Malgré les petits et grands drames que cette maladie m’apporte, je veux remercier les gens qui m’entourent car sans eux, je n’avance pas aussi loin.

Maman, lorsque ta main est mon seul repère de réconfort quand j’étouffe dans mes douleurs, tu es le pilier de ma force. Lorsqu’avec toute ta fatigue de maman, tu trouves l’énergie de marcher au froid pour aller me chercher un repas qui me rendra heureuse, tu fais toute la différence. Quand tu m’aides à retrouver la piste, que tu me pousses à prendre toujours encore plus soin de moi, j’y trouve ma force. 

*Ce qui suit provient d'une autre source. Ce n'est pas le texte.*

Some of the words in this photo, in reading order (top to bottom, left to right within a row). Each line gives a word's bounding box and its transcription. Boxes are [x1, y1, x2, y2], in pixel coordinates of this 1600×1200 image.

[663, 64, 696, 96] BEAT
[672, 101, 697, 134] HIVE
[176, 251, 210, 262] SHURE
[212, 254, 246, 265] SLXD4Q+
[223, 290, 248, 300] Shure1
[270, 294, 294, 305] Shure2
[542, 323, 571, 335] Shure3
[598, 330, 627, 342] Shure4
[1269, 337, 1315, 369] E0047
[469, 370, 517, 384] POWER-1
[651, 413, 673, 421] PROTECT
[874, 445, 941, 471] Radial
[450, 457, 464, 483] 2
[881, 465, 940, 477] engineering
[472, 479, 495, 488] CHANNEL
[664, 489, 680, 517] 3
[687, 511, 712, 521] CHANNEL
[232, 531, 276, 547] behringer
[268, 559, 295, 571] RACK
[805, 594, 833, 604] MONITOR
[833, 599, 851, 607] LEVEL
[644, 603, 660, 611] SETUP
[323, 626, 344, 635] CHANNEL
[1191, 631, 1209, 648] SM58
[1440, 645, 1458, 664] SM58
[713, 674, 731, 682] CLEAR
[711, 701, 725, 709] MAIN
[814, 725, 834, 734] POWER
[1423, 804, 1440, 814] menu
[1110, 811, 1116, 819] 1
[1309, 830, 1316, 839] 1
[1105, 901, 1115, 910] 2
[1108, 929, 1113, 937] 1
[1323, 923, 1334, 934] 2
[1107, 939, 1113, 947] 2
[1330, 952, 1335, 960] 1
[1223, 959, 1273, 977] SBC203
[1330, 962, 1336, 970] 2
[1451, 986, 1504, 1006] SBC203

La maman de Camille regarde sa fille dans son lit d'hôpital

Mes amis, mes vrais de vrais amis. Ceux qui comprennent et qui sont derrières peu importe le nombre de visites qu’ils me rendent à l’hôpital. Ceux qui se déplacent malgré tout pour venir jouer du piano avec moi, pour avoir des grandes ou des petites conversations dans les corridors de Sainte-Justine. 

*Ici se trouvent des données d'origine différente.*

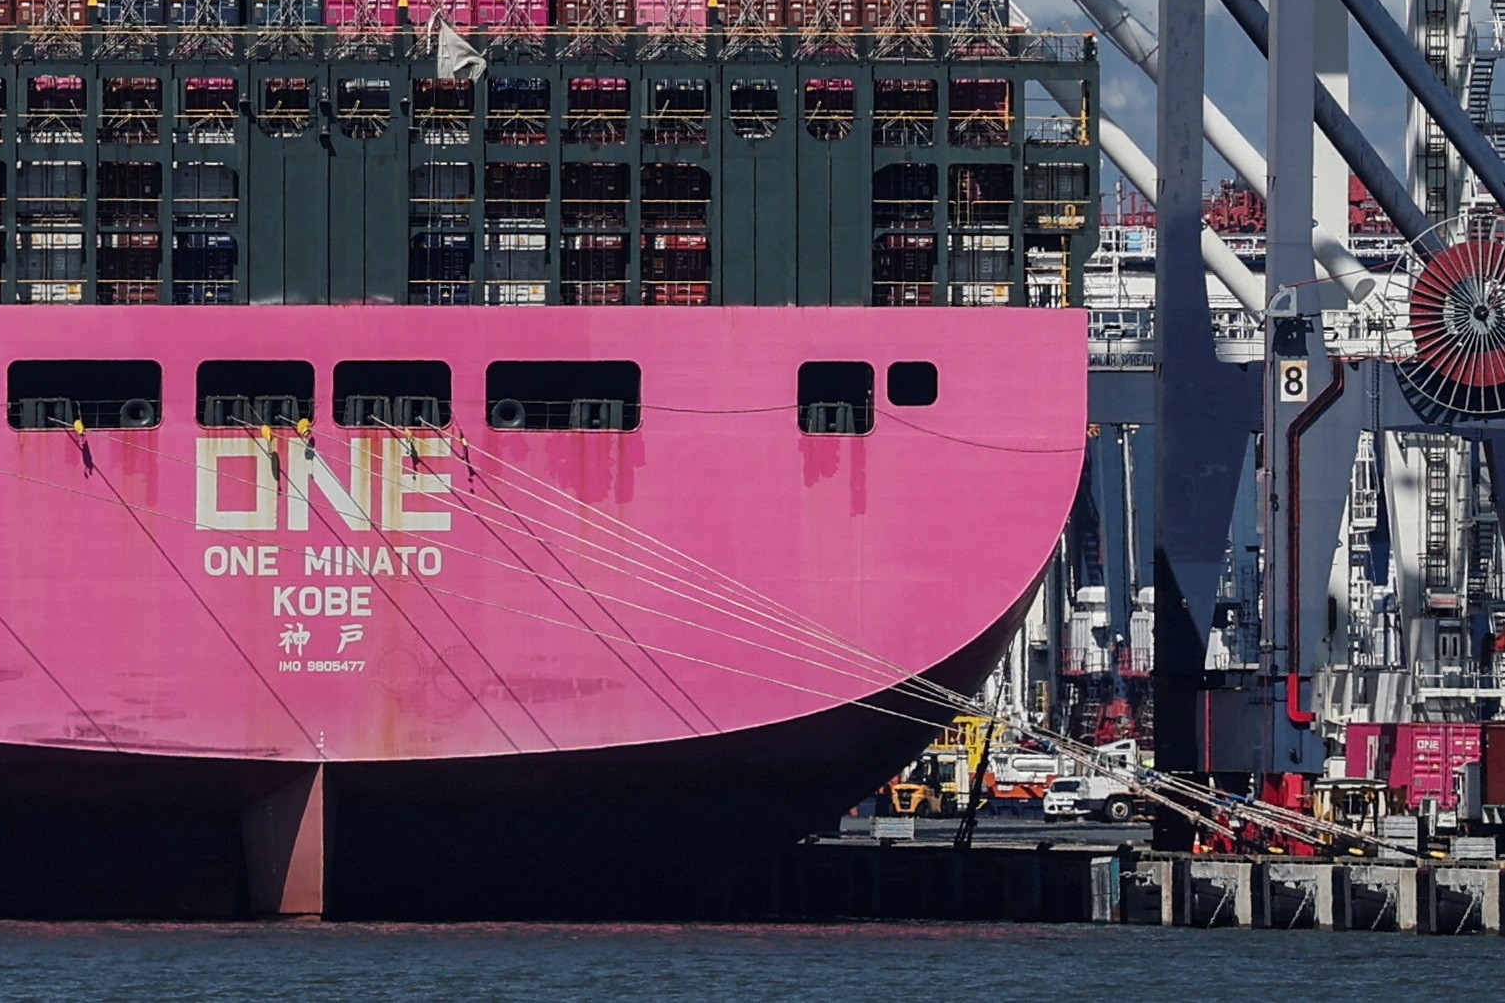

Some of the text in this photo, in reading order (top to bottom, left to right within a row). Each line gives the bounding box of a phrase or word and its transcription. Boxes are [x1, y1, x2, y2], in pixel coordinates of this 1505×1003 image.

À cette personne qui embrasse mes cicatrices, qui me fait sentir aimée pour qui je suis, celle qui me trouve belle avec mes différences et qui reste là malgré cette vie mélancolique.

Les humains aux grands cœurs qui m’écrivent, m’appellent et me démontrent du support, vous êtes indispensables dans les malheurs et les réussites de ce combat. Parmi vous, l’équipe de Sainte-Justine, dont celle de la clinique de fibrose kystique, ma deuxième famille qui m’a vue grandir.

À cette bénévole, qui par ses histoires, me transporta comme à la maison durant le temps des Fêtes. Qui, à chaque fois, donnait de son temps et de son amour pour que je me sente comme à la maison. 

À ce membre du personnel qui m’a trouvée au vieux piano par un soir du 24 décembre et qui s’est assis avec moi pour me montrer quelques morceaux. Je ne connais ni ton nom, ni le poste que tu occupes, mais ta générosité ce soir-là me marquera à jamais. Merci.

À 6 ans, j’ai dit à maman « j’ai deux ailes dans mon prénom ». Malgré cette citation quétaine de la mini version de moi-même, je crois encore aujourd’hui que chaque épreuve m’amènera à voler plus loin pour vivre mes plus beaux moments encore longtemps. 

*Les propos tenus dans cet article n’engagent que la personne signataire et ne doivent pas être considérés comme étant ceux de la Fondation CHU Sainte-Justine.